Saved data entries:
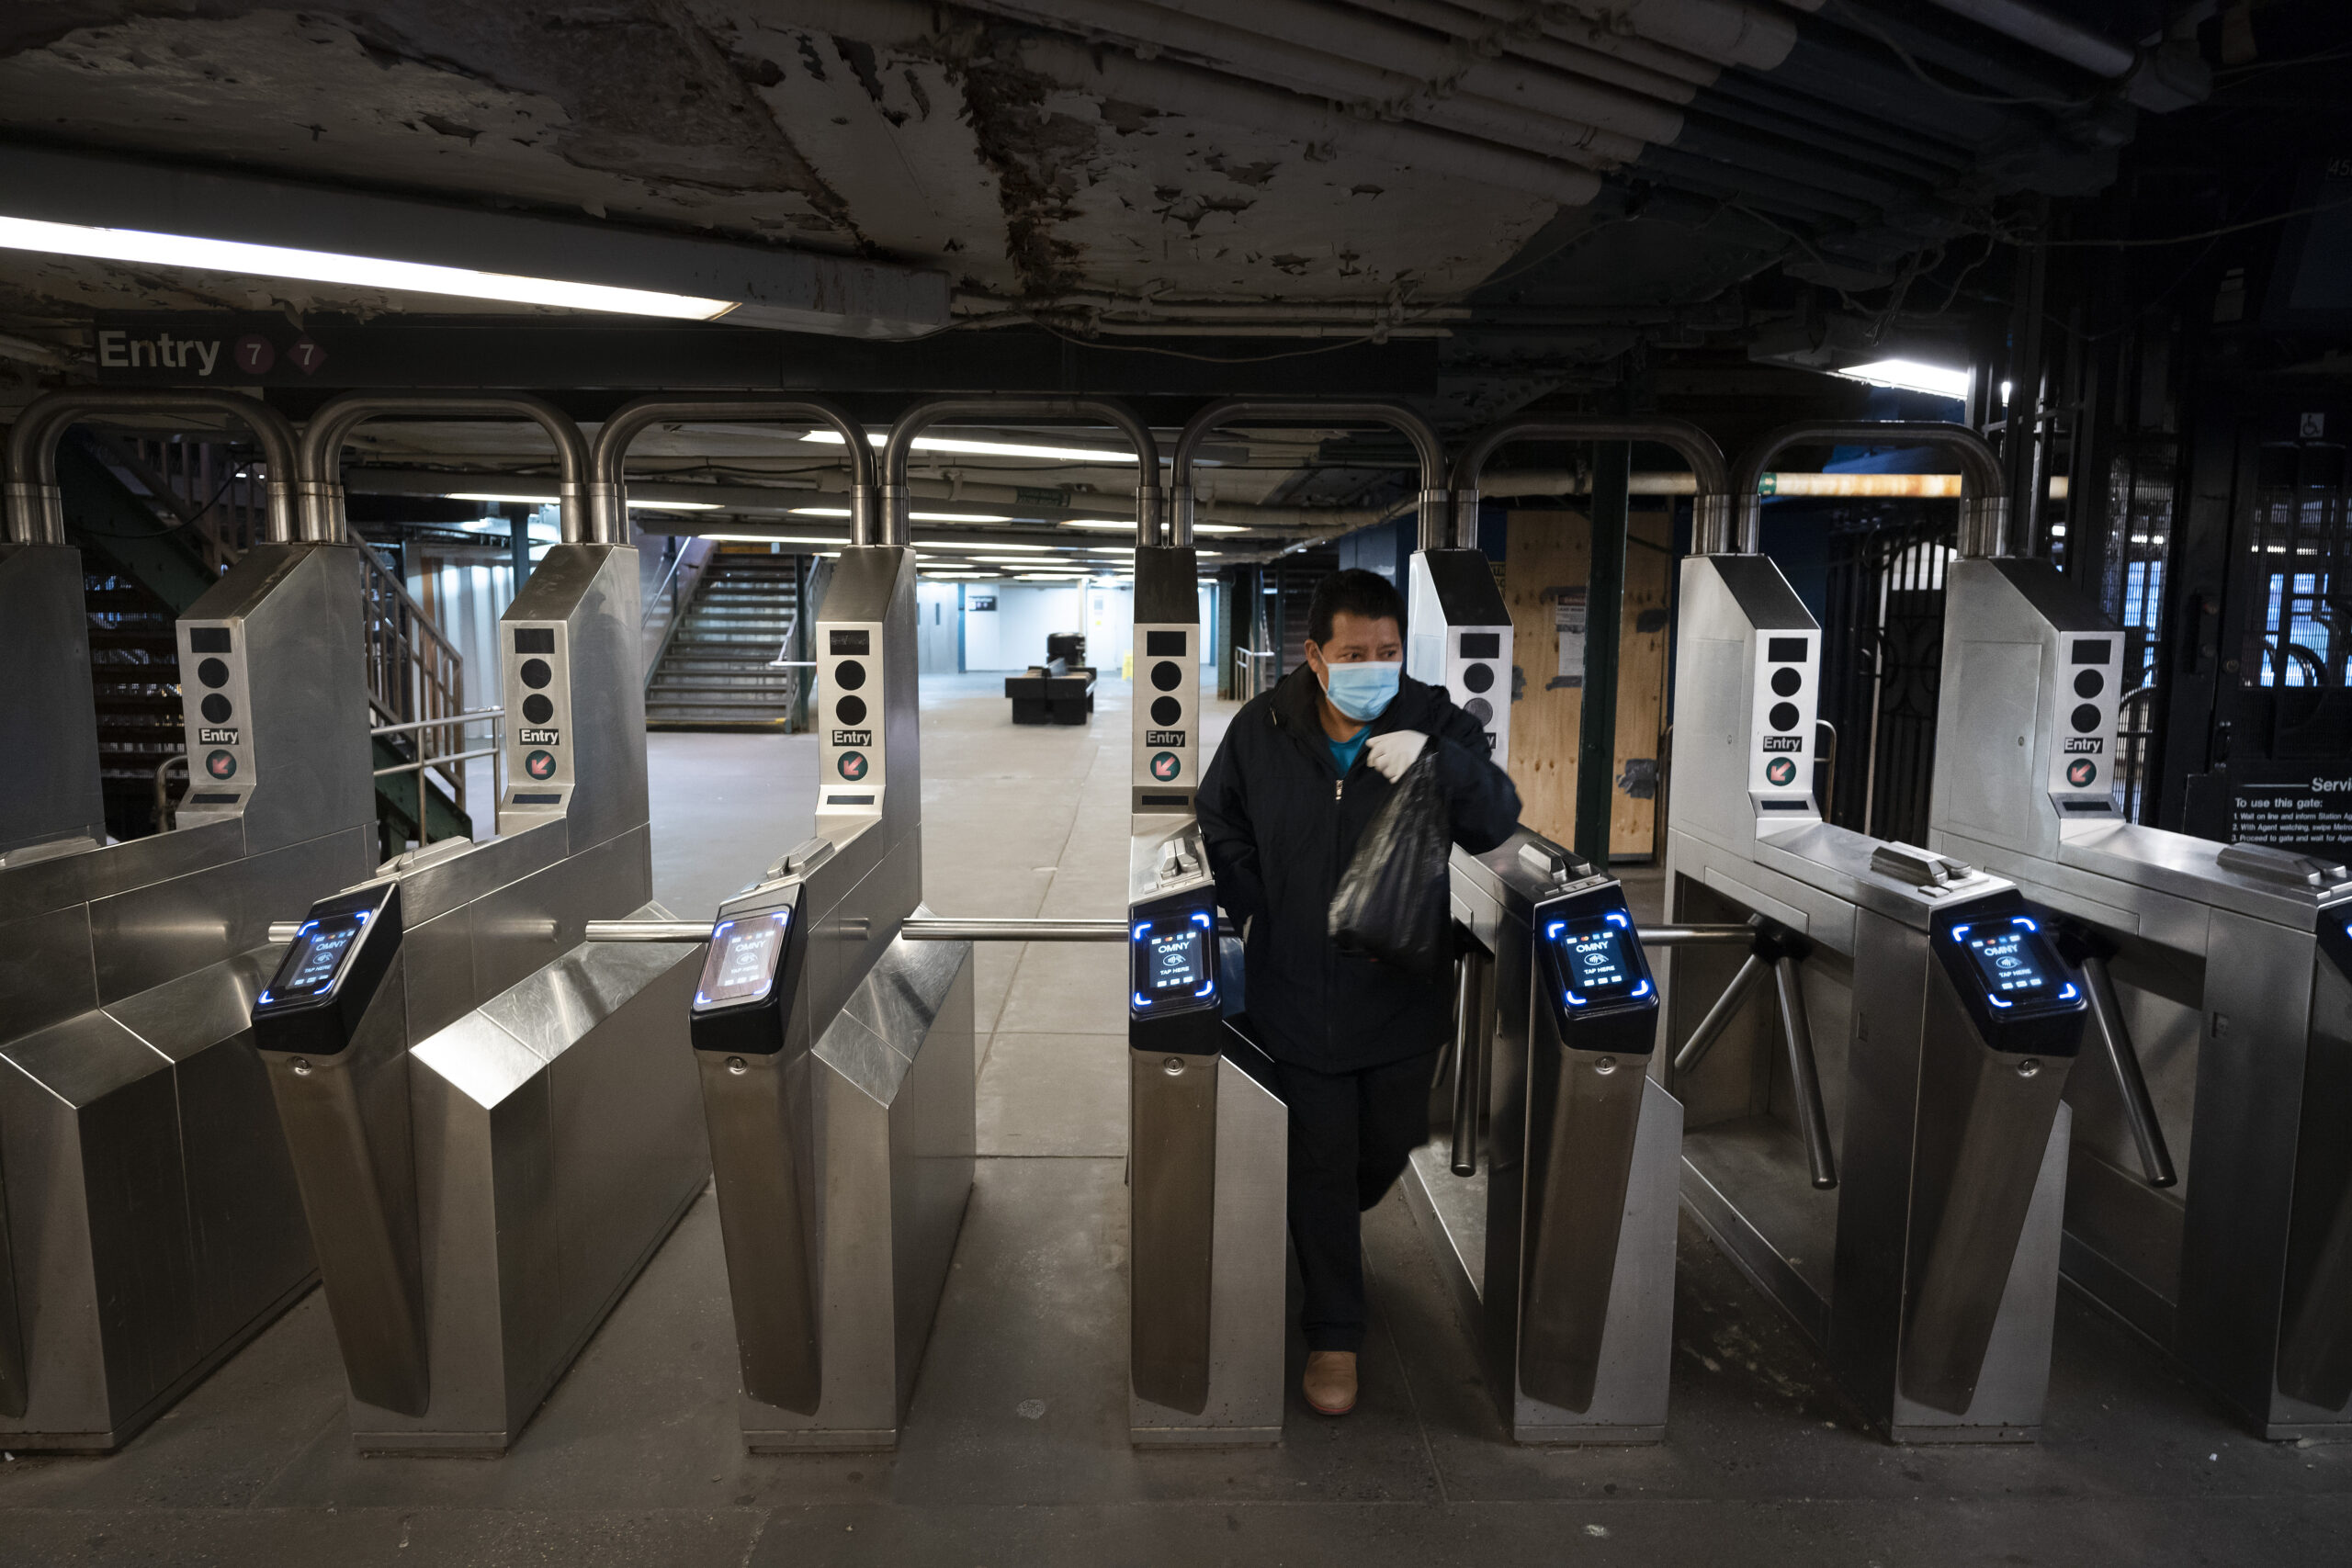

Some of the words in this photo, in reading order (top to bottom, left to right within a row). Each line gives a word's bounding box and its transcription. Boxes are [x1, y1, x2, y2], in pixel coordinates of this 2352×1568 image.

[98, 330, 221, 377] Entry
[246, 344, 262, 366] 7
[299, 344, 315, 366] 7
[201, 728, 238, 744] Entry
[521, 729, 559, 745] Entry
[833, 730, 871, 746] Entry
[1148, 731, 1184, 746] Entry
[1764, 737, 1800, 751] Entry
[2064, 738, 2100, 753] Entry
[2312, 777, 2352, 792] Servi
[2234, 797, 2247, 808] To
[2251, 799, 2270, 808] use
[2274, 797, 2293, 808] this
[2297, 798, 2323, 810] gate:
[2295, 812, 2316, 820] inform
[2318, 812, 2342, 820] Station
[2257, 823, 2278, 832] Agent
[2312, 823, 2332, 831] swipe
[2239, 834, 2267, 842] Proceed
[2278, 834, 2294, 843] gate
[2295, 834, 2309, 842] and
[2311, 834, 2324, 842] wait
[2326, 834, 2335, 842] for
[316, 940, 346, 951] OMNY
[735, 940, 765, 952] OMNY
[1158, 942, 1190, 953] OMNY
[1576, 941, 1609, 953] OMNY
[1984, 943, 2018, 956] OMNY

WHAT YOU HAVE TO DO: Your answer should be every line above, written out exactly, with no pictures.

ANSWER SPACE:
Some of the words in this photo, in reading order (top to bottom, left to right within a row). Each line gives a word's bounding box and its transcription. Boxes are [x1, y1, x2, y2], in pixel coordinates of this 2352×1568 image.

[98, 330, 221, 377] Entry
[246, 344, 262, 366] 7
[299, 344, 315, 366] 7
[201, 728, 238, 744] Entry
[521, 729, 559, 745] Entry
[833, 730, 871, 746] Entry
[1148, 731, 1184, 746] Entry
[1764, 737, 1800, 751] Entry
[2064, 738, 2100, 753] Entry
[2312, 777, 2352, 792] Servi
[2234, 797, 2247, 808] To
[2251, 799, 2270, 808] use
[2274, 797, 2293, 808] this
[2297, 798, 2323, 810] gate:
[2295, 812, 2316, 820] inform
[2318, 812, 2342, 820] Station
[2257, 823, 2278, 832] Agent
[2312, 823, 2332, 831] swipe
[2239, 834, 2267, 842] Proceed
[2278, 834, 2294, 843] gate
[2295, 834, 2309, 842] and
[2311, 834, 2324, 842] wait
[2326, 834, 2335, 842] for
[316, 940, 346, 951] OMNY
[735, 940, 765, 952] OMNY
[1158, 942, 1190, 953] OMNY
[1576, 941, 1609, 953] OMNY
[1984, 943, 2018, 956] OMNY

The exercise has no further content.